How does one measure disability? This is a difficult question. Many health economists face an even more difficult question: how does one measured disability in claims?
A paper by Ben-Shalom and Stapleton attempts to answer this question using six definitions:
- Chronic Illness and Disability Payment System (CDPS). Developed by Rick Kronick et al. 2000 (one of my dissertation committee members) and coauthors as system to support risk-adjusted Medicaid payments to HMOs. It is similar to the Medicare Advantage HCC system but applied to Medicaid.
- Access Risk Classification System (ARCS) algorithm,. This algorithm classifies people with disabilities according to their ability to access routine care. ARCS relies on ICD-9 diagnosis codes, procedure codes (HCPCS and CPT codes) and the number of prescriptions. It was developed by Palsbo et al. (2008).
- SSDI eligibility. Another method of identifying disability is based on eligibility decisions by the Social Security Administration (SSA) for Social Security Disability Insurance (SSDI).
- Psychiatric disorders: The patient was considered to have a psychiatric disorder if they have schizophrenia, affective disorder, or psychotic, neurotic, personality, and other nonpsychotic mental disorders. The following ICD-9 codes were used: 295–301, 306–7, 309–10, and 314–315.
- Cognitive disorders. A person was classified as having cognitive disorders if they have denmentia or Alzheimers, which are based on the following ICD-9 codes: 290.x, 290.3, 290.4, 290.8 and 331.0.
- Intellectual disorders. A person was classified as having an intellectual disorder if they have a mild (ICD-9 code: 317), moderate (318.0), severe (318.1), profound (318.2) or unspecified (319) intellectual disability.
They test these algorithms against patients self-reports of disability in the Medicare Current Beneficiary Survey data. The authors conclude that:
The predictive performance of the regression-based models is better than that of the individual claims-based indicators.
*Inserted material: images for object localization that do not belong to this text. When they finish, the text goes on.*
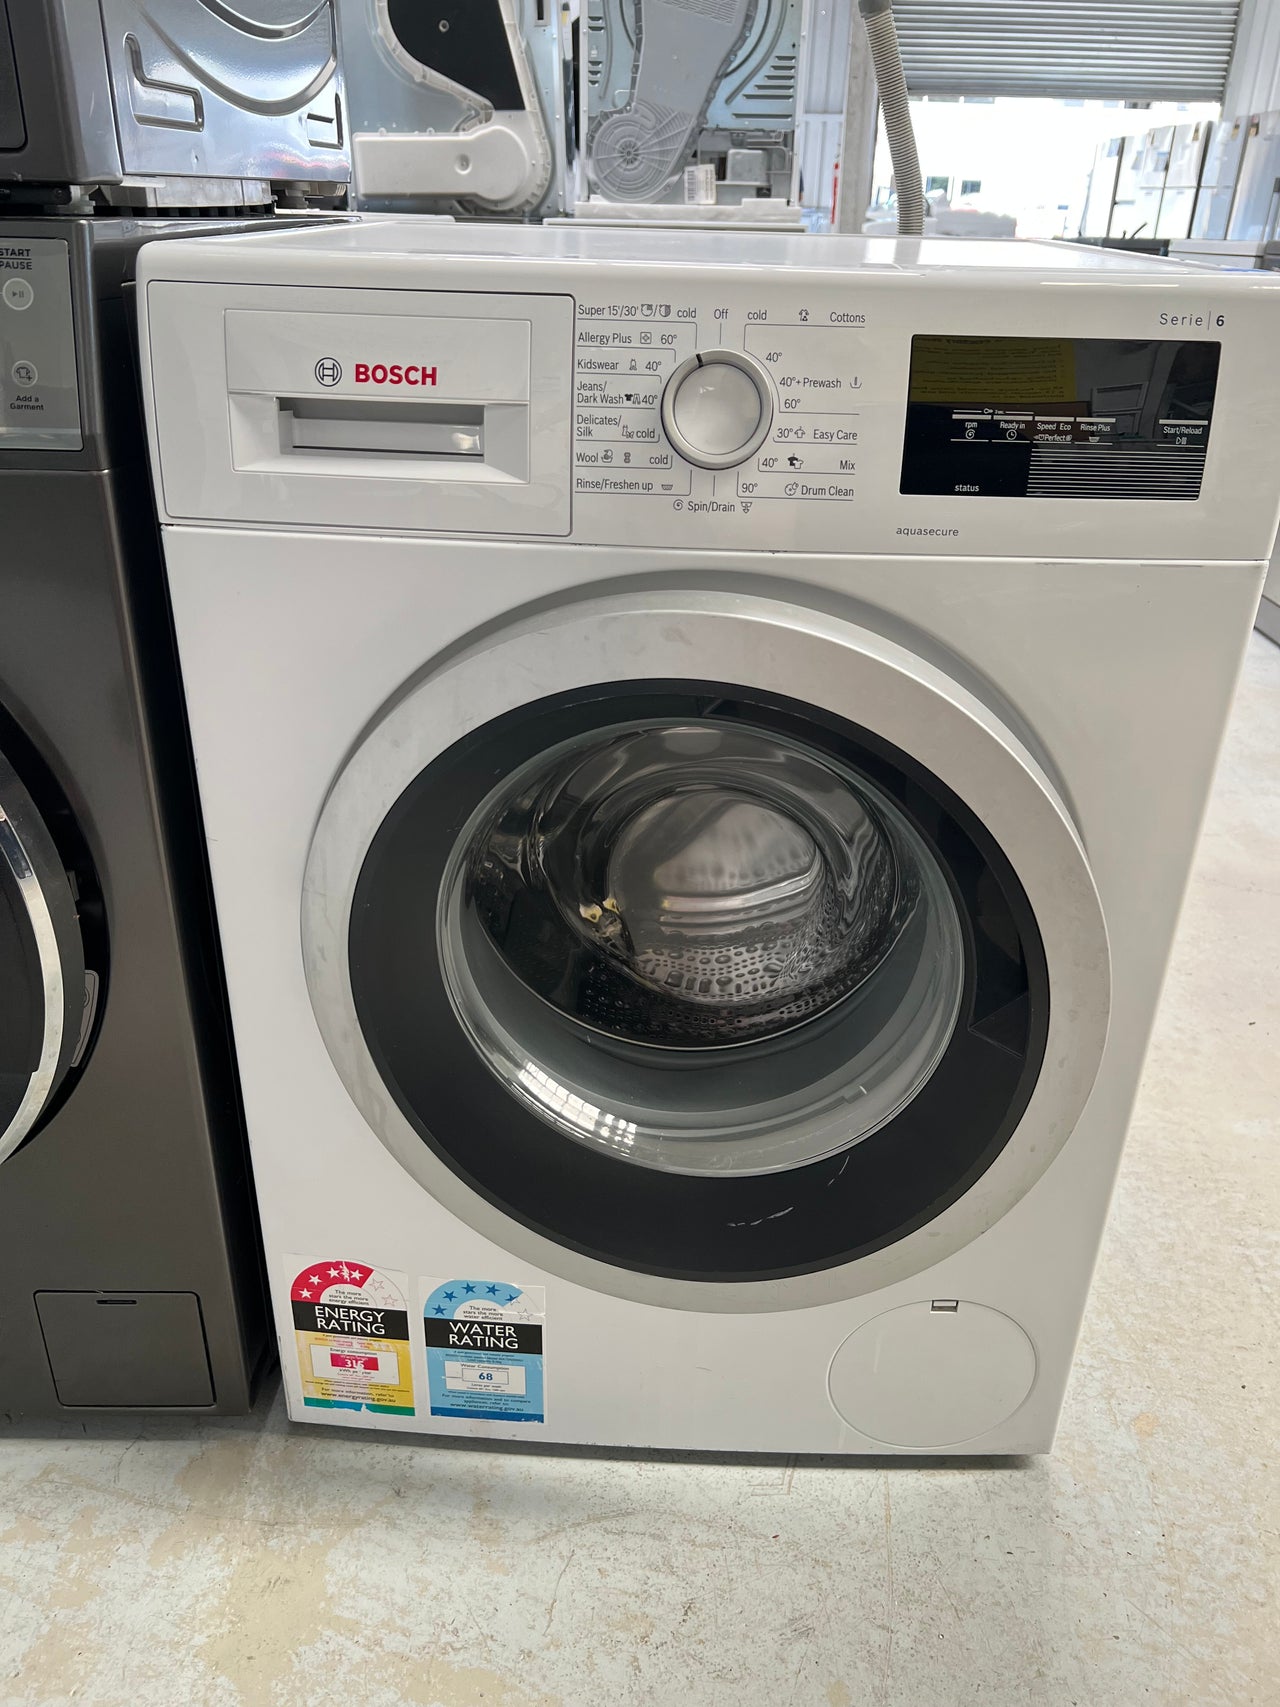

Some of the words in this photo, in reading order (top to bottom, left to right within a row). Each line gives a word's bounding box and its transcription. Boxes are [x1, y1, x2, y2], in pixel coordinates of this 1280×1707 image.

[578, 304, 606, 317] Super
[677, 308, 697, 318] cold
[714, 309, 728, 320] Off
[747, 310, 767, 320] cold
[829, 312, 866, 323] Cottons
[1159, 312, 1204, 326] Serie
[1216, 314, 1225, 327] 6
[578, 332, 611, 345] Allergy
[612, 333, 632, 344] Plus
[660, 334, 678, 344] 60°
[766, 352, 782, 362] 40°
[577, 358, 619, 370] Kidswear
[645, 361, 662, 372] 40°
[355, 364, 437, 386] BOSCH
[577, 381, 608, 393] Jeans/
[802, 378, 842, 388] Prewash
[577, 393, 598, 404] Dark
[600, 394, 624, 404] Wash
[642, 394, 658, 405] 40°
[784, 398, 800, 409] 60°
[10, 402, 44, 410] Garment
[576, 414, 622, 427] Delicates/
[1000, 422, 1019, 430] Ready
[1036, 423, 1056, 431] Speed
[576, 426, 594, 437] Silk
[636, 428, 656, 439] cold
[776, 428, 794, 439] 30°
[813, 429, 834, 442] Easy
[836, 430, 858, 440] Care
[1163, 426, 1202, 434] Start/Reload
[576, 452, 599, 463] Wool
[649, 455, 668, 464] cold
[762, 458, 778, 468] 40°
[839, 460, 856, 470] Mix
[576, 478, 640, 490] Rinse/Freshen
[641, 483, 654, 492] up
[741, 483, 758, 493] 90°
[800, 485, 826, 496] Drum
[828, 486, 854, 497] Clean
[954, 484, 980, 492] status
[687, 500, 736, 513] Spin/Drain
[896, 527, 959, 537] aquasecure
[314, 1306, 385, 1322] ENERGY
[317, 1318, 386, 1335] RATING
[449, 1322, 517, 1337] WATER
[449, 1334, 519, 1349] RATING
[478, 1372, 493, 1380] 68
At a predicted probability threshold chosen to maximize the sum of sensitivity and specificity, sensitivity is 0.72 for beneficiaries age 65 or older and specificity is 0.65. For those under 65, sensitivity is 0.54 and specificity is 0.67. The findings also suggest ways to improve predictive performance for specific disability populations of interest to researchers.
- Ben-Shalom, Y. and Stapleton, D. C. (2015), Predicting Disability among Community-Dwelling Medicare Beneficiaries Using Claims-Based Indicators. Health Services Research. doi: 10.1111/1475-6773.12316
In the “intellectual disorders” section, on the second line, the word “they” is spelled “htye.” You may want to fix that.
Updated. Thank you for pointing this out.